PARIS: A huge, potentially life-giving sea likely covered more than a third of Mars some 3.5 billion years ago, according to a study released Sunday.
Spread over an area the size of the Atlantic Ocean, it would have straddled the north pole and contained the equivalent of a tenth of the water on Earth.
For decades scientists have argued as to whether the Red Planet once harboured bodies of water big enough to help nourish a true hydrological cycle marked by evaporation and rainfall.
Recent evidence suggests as much, but doubts remained.
To dig deeper, Gaetano Di Achille and Brian Hynek of the University of Colorodo in Boulder sifted through huge stores of images collected by NASA's Mars Orbiter Laser Altimeter (MOLA) in the late 1990s and other more recent European and US satellite-based monitoring systems.
The data was not new, but the researchers were the first to link up all available information on Mars' terrain into a single computer-driven model.
The study, published in Nature Geoscience, found 52 river-delta deposits scattered across the planet.
More than half occurred at about the same elevation, and thus probably marked the boundary of the once-massive sea.

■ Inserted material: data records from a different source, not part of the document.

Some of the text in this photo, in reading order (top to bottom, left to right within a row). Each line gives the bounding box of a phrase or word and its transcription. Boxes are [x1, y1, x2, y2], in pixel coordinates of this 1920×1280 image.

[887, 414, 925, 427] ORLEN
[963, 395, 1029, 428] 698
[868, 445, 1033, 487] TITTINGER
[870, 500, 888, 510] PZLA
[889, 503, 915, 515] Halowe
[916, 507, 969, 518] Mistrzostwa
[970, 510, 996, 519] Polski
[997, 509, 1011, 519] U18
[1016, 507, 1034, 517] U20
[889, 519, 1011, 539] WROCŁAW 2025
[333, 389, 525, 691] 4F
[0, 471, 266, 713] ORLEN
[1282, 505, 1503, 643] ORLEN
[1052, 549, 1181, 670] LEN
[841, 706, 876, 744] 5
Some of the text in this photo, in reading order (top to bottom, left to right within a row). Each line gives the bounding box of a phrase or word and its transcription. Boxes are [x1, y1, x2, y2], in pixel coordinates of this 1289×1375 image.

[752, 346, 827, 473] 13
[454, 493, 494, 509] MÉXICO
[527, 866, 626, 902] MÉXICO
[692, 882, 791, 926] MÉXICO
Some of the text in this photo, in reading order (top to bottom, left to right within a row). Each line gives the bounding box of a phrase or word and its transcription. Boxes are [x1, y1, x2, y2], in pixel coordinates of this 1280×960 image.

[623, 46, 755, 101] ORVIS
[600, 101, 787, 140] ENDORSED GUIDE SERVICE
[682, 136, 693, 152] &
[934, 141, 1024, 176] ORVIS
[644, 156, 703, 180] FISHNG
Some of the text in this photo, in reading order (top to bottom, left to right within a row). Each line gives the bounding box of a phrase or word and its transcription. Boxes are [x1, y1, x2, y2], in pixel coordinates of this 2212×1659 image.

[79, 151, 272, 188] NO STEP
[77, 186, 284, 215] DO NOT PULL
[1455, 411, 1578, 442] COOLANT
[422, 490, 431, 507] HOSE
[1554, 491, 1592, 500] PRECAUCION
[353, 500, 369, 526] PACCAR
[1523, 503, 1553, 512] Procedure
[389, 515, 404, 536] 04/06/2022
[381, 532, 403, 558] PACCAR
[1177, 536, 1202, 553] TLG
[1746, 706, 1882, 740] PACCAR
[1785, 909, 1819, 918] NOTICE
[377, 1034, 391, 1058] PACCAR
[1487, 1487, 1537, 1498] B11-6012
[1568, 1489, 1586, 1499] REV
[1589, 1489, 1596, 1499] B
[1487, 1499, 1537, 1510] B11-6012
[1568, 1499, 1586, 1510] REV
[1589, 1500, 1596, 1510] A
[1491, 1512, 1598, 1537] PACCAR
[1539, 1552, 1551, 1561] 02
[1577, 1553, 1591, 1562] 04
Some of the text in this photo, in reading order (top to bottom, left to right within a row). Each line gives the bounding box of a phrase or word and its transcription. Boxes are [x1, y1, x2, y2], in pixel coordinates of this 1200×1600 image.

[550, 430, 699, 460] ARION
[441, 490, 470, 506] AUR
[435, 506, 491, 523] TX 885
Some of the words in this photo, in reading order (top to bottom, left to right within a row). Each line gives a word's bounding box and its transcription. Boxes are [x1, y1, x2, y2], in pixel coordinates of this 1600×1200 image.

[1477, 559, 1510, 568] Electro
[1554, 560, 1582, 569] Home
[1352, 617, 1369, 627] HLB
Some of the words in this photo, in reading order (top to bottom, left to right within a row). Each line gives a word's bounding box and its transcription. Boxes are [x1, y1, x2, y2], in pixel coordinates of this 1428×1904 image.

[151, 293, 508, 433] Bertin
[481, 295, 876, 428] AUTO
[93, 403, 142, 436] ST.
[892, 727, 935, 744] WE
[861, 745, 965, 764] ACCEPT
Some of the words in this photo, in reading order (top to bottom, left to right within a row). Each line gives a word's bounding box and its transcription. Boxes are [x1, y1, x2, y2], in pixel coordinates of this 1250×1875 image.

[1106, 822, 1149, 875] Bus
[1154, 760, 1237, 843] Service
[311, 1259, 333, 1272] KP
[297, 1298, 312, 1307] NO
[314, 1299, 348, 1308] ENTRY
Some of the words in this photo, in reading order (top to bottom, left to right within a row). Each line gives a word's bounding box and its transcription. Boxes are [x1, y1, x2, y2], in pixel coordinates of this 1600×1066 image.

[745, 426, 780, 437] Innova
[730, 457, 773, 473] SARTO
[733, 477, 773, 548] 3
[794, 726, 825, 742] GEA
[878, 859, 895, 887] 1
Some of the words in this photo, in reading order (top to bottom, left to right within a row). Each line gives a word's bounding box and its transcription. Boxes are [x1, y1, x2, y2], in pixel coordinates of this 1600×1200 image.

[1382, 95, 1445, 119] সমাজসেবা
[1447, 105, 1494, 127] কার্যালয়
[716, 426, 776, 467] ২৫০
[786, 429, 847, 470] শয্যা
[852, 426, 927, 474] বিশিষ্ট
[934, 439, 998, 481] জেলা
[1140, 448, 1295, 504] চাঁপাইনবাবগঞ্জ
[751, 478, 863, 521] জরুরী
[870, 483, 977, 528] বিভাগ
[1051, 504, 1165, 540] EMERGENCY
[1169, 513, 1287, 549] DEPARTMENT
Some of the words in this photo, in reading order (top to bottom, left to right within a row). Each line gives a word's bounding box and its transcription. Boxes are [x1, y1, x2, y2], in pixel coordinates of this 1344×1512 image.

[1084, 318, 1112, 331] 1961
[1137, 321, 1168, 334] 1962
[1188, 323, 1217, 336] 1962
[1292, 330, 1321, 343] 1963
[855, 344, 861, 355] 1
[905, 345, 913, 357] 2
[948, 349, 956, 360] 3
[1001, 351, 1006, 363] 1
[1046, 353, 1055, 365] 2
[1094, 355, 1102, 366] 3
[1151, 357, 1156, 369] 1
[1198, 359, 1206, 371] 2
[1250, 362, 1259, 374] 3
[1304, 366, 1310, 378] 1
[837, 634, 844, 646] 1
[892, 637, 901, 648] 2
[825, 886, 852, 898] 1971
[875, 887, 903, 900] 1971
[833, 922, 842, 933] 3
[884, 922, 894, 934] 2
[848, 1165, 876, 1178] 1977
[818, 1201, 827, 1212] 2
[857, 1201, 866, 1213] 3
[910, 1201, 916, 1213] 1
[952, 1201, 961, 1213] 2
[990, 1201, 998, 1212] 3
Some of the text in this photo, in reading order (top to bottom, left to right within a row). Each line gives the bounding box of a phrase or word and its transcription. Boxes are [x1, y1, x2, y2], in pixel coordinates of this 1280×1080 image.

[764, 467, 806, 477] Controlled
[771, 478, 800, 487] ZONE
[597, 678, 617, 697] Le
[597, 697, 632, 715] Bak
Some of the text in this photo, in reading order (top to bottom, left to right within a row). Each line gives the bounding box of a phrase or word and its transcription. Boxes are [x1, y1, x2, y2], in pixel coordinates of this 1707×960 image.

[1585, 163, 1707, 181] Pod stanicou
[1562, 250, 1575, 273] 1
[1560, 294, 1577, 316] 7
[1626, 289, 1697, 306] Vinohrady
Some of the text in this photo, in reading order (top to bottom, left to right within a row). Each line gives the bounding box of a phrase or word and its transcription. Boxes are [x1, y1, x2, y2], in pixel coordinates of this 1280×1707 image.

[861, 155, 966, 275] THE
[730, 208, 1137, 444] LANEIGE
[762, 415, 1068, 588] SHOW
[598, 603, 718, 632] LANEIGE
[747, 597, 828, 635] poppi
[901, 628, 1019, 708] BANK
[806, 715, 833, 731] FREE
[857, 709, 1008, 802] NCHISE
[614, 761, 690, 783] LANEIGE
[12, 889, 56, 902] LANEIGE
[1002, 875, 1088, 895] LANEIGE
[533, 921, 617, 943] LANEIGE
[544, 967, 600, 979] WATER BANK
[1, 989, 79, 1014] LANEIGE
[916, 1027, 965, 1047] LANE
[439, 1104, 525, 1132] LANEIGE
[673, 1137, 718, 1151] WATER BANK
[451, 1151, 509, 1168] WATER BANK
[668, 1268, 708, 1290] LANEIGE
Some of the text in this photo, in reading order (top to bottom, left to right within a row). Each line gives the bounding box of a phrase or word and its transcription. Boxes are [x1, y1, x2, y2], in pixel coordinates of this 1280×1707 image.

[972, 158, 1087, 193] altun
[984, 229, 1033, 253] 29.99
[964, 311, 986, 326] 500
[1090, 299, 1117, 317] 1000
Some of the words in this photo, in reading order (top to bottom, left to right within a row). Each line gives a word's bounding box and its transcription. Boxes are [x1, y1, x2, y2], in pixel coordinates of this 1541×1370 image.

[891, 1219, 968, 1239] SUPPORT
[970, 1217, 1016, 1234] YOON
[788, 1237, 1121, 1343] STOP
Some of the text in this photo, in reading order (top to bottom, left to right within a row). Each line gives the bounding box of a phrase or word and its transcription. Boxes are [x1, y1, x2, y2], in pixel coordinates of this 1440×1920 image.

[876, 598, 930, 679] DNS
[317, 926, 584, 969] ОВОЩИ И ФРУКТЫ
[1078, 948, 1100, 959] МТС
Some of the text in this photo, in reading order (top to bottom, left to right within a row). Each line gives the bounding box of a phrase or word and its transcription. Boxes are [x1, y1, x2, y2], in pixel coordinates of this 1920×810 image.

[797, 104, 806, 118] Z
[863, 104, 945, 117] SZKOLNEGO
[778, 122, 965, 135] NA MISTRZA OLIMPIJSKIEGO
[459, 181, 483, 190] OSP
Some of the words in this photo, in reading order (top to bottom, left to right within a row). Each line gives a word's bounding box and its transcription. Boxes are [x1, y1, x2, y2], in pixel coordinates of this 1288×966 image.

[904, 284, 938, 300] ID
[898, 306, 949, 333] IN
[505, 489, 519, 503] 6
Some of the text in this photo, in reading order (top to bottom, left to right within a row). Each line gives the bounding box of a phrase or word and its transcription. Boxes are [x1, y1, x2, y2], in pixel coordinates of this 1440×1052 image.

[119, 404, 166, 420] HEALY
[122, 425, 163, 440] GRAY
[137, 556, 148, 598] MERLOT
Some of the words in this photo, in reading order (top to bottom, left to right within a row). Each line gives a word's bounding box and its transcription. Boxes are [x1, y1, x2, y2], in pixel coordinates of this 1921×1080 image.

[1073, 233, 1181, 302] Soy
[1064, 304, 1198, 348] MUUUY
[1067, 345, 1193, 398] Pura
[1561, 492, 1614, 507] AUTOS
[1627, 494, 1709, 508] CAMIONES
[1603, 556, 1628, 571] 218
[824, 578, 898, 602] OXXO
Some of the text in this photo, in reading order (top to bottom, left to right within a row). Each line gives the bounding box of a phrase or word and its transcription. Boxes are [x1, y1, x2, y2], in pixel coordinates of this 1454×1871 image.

All of these would have been connected either directly to the ocean, or to its groundwater table along with several large, adjacent lakes.
The scientists calculated that the ancient sea covered 36 percent of the planet's surface and contained about 124 million cubic kilometres (30 million cubic miles) of water.
Even as single-cell life forms were emerging on our planet some 3.5 billion years ago, Mars probably had an Earth-like water cycle including precipitation, runoff, cloud formation, ice formation and groundwater accumulation, they conclude.
In a parallel study published in the Journal of Geophysical Research (Planets), Hynek and colleagues catalogued some 40,000 river valleys on Mars, four times the number previously suspected.
"The abundance of these river valleys required a significant amount of precipitation," Hynek said.
"This effectively puts the nail in the coffin regarding the presence of past rainfall on Mars."
Many puzzles, however, still remain.
"One of the main questions we would like to answer is where all of the water on Mars went," said Di Achille.
Future Mars missions -- including NASA's 485 million dollar (400 million euro) Mars Atmosphere and Volatile Evolution mission (MAVEN), slated for launch in 2013 -- may provide clues.
The new studies also provide critical leads on where to look for signs of early Martian life.
"On Earth, deltas and lakes are excellent collectors and preservers of signs of past life," said Di Achille.
"If life ever arose on Mars, deltas may be the key to unlocking Mars' biological past."
Hynek also noted that long-lived oceans may have provided an environment for microbial life to take hold on Mars.
The European Space Agency (ESA) and NASA have separately forecast a manned flight to Mars in about three decades.
The Red Planet's distance from Earth varies between 55 million kilometres (34 million miles) and more than 400 million kilometres.